Professor of Human Genetics
Darren G. Monckton obtained a BSc in biochemistry from the University of Bath (1989) and a PhD in human genetics from the University of Leicester (1992). He did postdoctoral research in Baylor College of Medicine and MD Anderson Cancer Center, where he was the Muscular Dystrophy Association Sammy Davies Junior Neuromuscular Disease Research Fellow. In 1996 he took up a lectureship in genetics at the University of Glasgow, where he was also the recipient of a Lister Institute Research Fellowship. He is currently Professor of Human Genetics and teaches genetics on a range of courses, and leads an active research team investigating the basis and consequences of genetic instability in human disease. In particular, his team are defining the role of DNA repair and somatic expansion of the CTG•CAG as a major driver of pathology in myotonic dystrophy and Huntington disease, and as a novel therapeutic target. He has presented more than 250 invited seminars and lectures, including the Genetics Society Balfour Lecture (1999) and the Tenovus Medal Lecture (2008), and many to patient support groups.
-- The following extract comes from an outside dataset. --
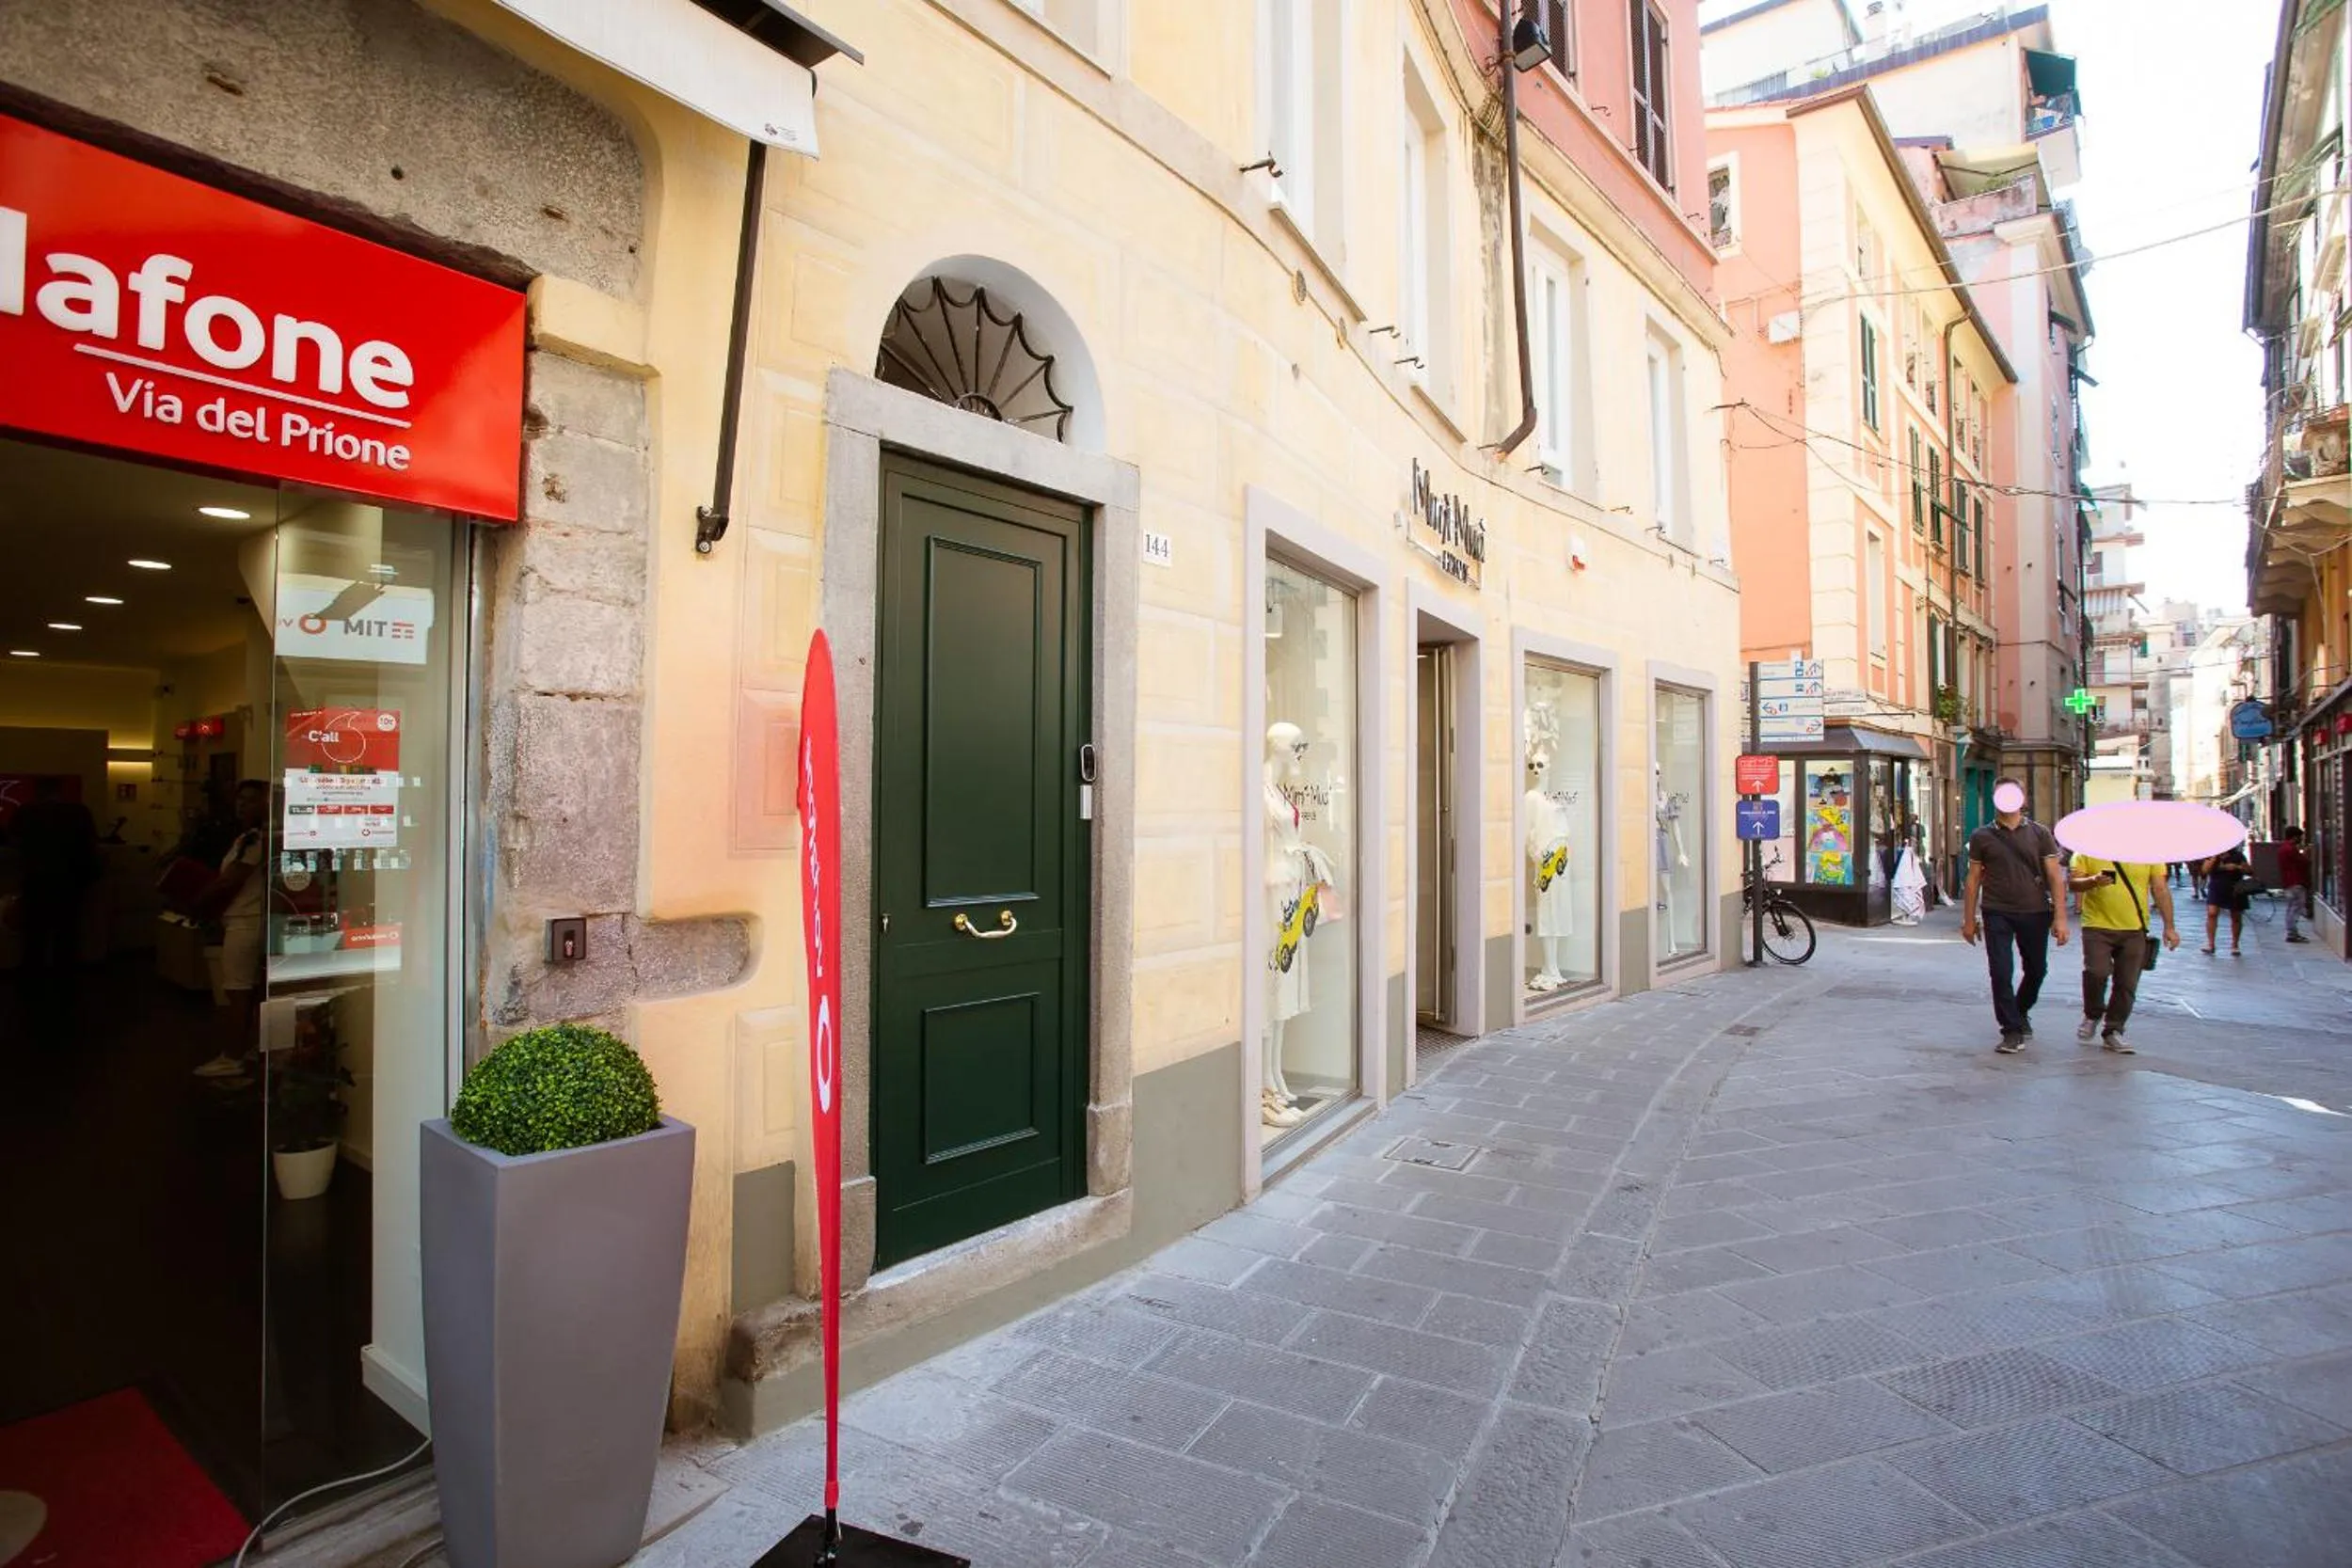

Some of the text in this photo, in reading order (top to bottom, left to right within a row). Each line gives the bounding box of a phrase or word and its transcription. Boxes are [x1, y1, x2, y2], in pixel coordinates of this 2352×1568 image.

He is a scientific advisor to the Myotonic Dystrophy Support Group (UK), the European Dystrophia Myotonica Association, and the Myotonic Dystrophy Foundation (USA), and was the Muscular Dystrophy UK 2017 Scientist of the Year and received the 2019 Huntington Disease Society of America Research Award.
Professor Monckton has been a scientific consultant and/or received an honoraria/stock options/grants from AMO Pharma, BridgeBio, LoQus23, Small Molecule RNA, Triplet Therapeutics and Vertex Pharmaceuticals. Professor Monckton also had research contracts with AMO Pharma and Vertex Pharmaceuticals.